PITTSBURGH - A man who conned a South Korean steel company out of $375,000 by falsely claiming he could help it book a Pharrell Williams concert pleaded guilty Wednesday to online dating scams that cost a Pennsylvania woman and others nearly $1 million.

PITTSBURGH - A man who conned a South Korean steel company out of $375,000 by falsely claiming he could help it book a Pharrell Williams concert pleaded guilty Wednesday to online dating scams that cost a Pennsylvania woman and others nearly $1 million.

Sigismund Segbefia, 29, was living in Silver Spring, Md., when he ran the scams from 2013 until he was arrested April 21 by customs officials at New York's John F. Kennedy International Airport as he returned from his native Ghana.

Segbefia pleaded guilty to wire fraud and aggravated identity theft before a federal judge in Pittsburgh and has agreed to be deported after he is sentenced on April 12. He remains in custody.
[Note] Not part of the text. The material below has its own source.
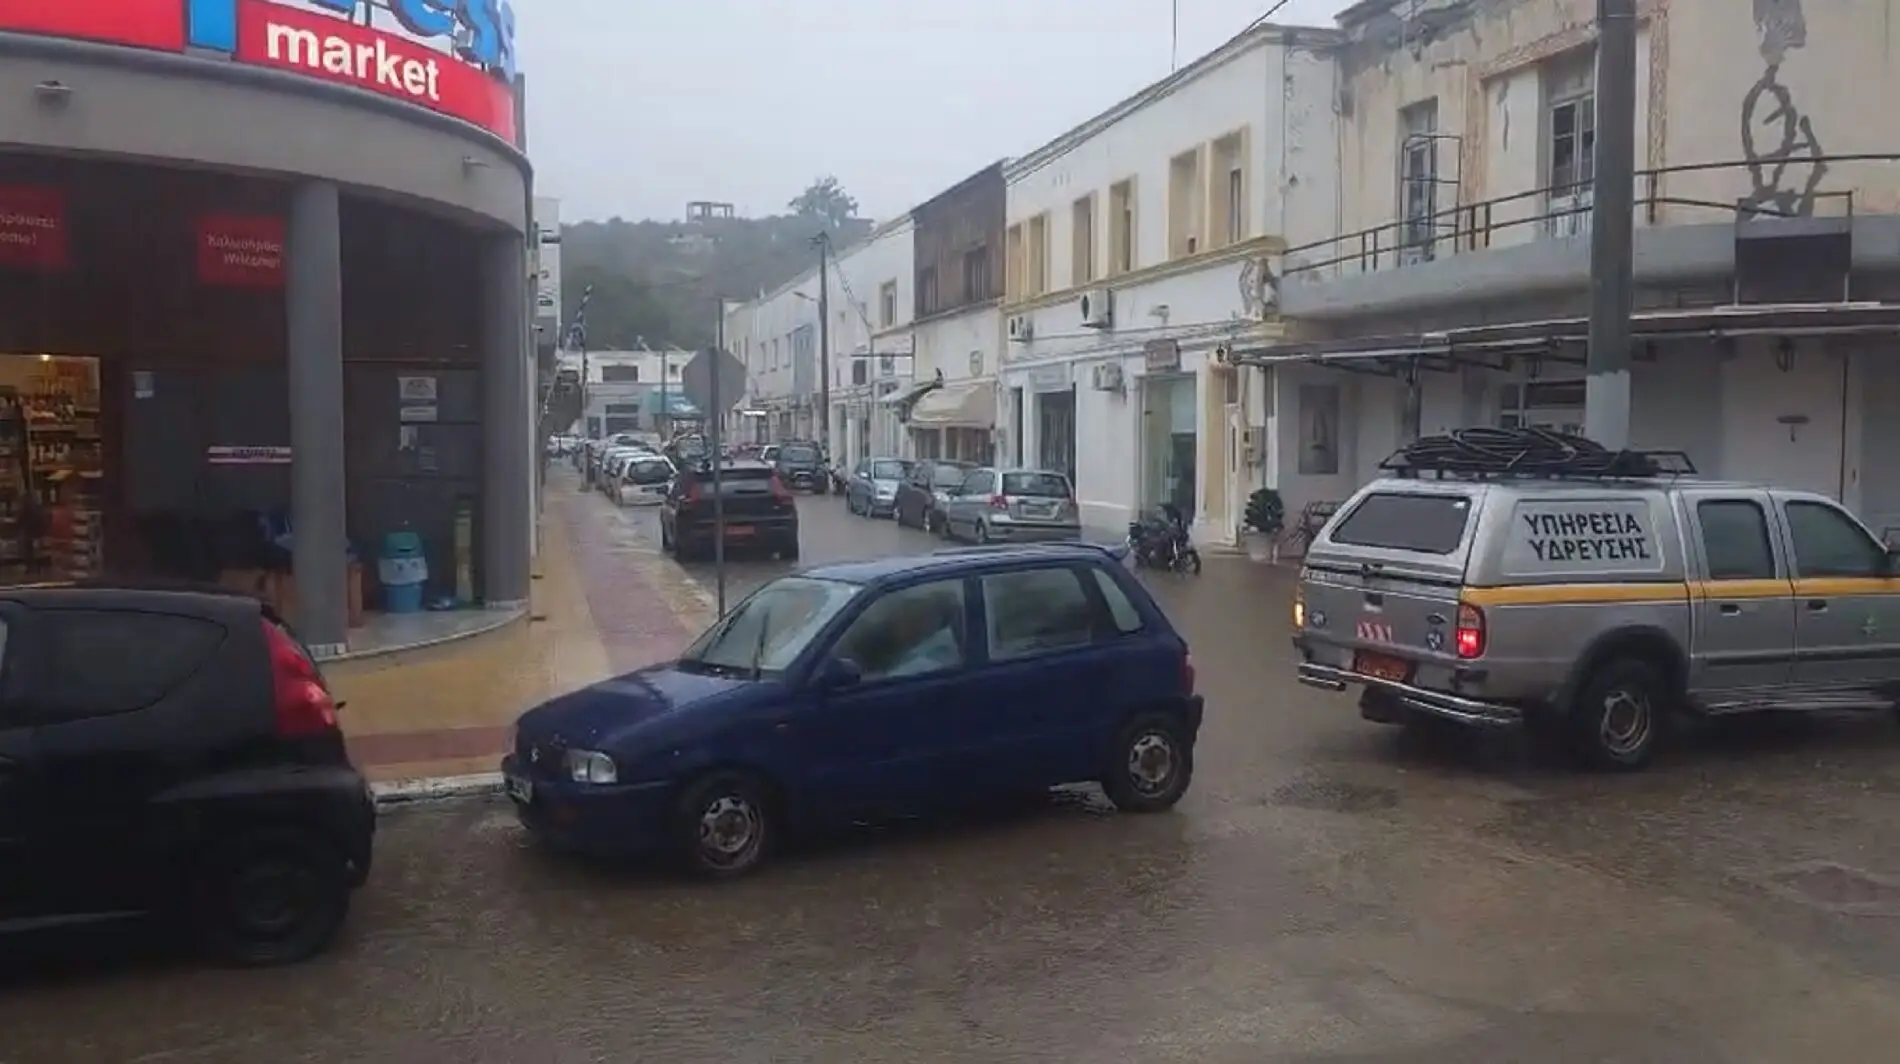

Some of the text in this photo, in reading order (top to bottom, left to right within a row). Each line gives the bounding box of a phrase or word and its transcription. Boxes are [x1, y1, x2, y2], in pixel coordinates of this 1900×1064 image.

Assistant U.S. Attorney Gregory Melucci told the judge that Segbefia conned at least eight women he met online into wiring him more than $980,000 by posing as a widowed businessman and others.

Segbefia also incorporated a business called Eastern Starts L.L.C. in Maryland so he could use that name in his various scams.

In pleading guilty, he also acknowledged bilking Dosko Co., a South Korean steelmaker, by pretending to promote a show by Pharrell Williams. The company was planning to expand into entertainment to diversify its revenues.

Segbefia spent more than $100,000 of Dosko's money, but the FBI is still trying to get $266,000 in a frozen bank account returned to the Korean company. That money, and other funds Segbefia stole, is part of nearly $1.2 million he is voluntarily forfeiting to the government, Melucci told the judge.

A Pittsburgh-area woman wired $185,000 to a bank account controlled by Segbefia in 11 separate transactions from December 2013 to August 2015, Melucci told the judge.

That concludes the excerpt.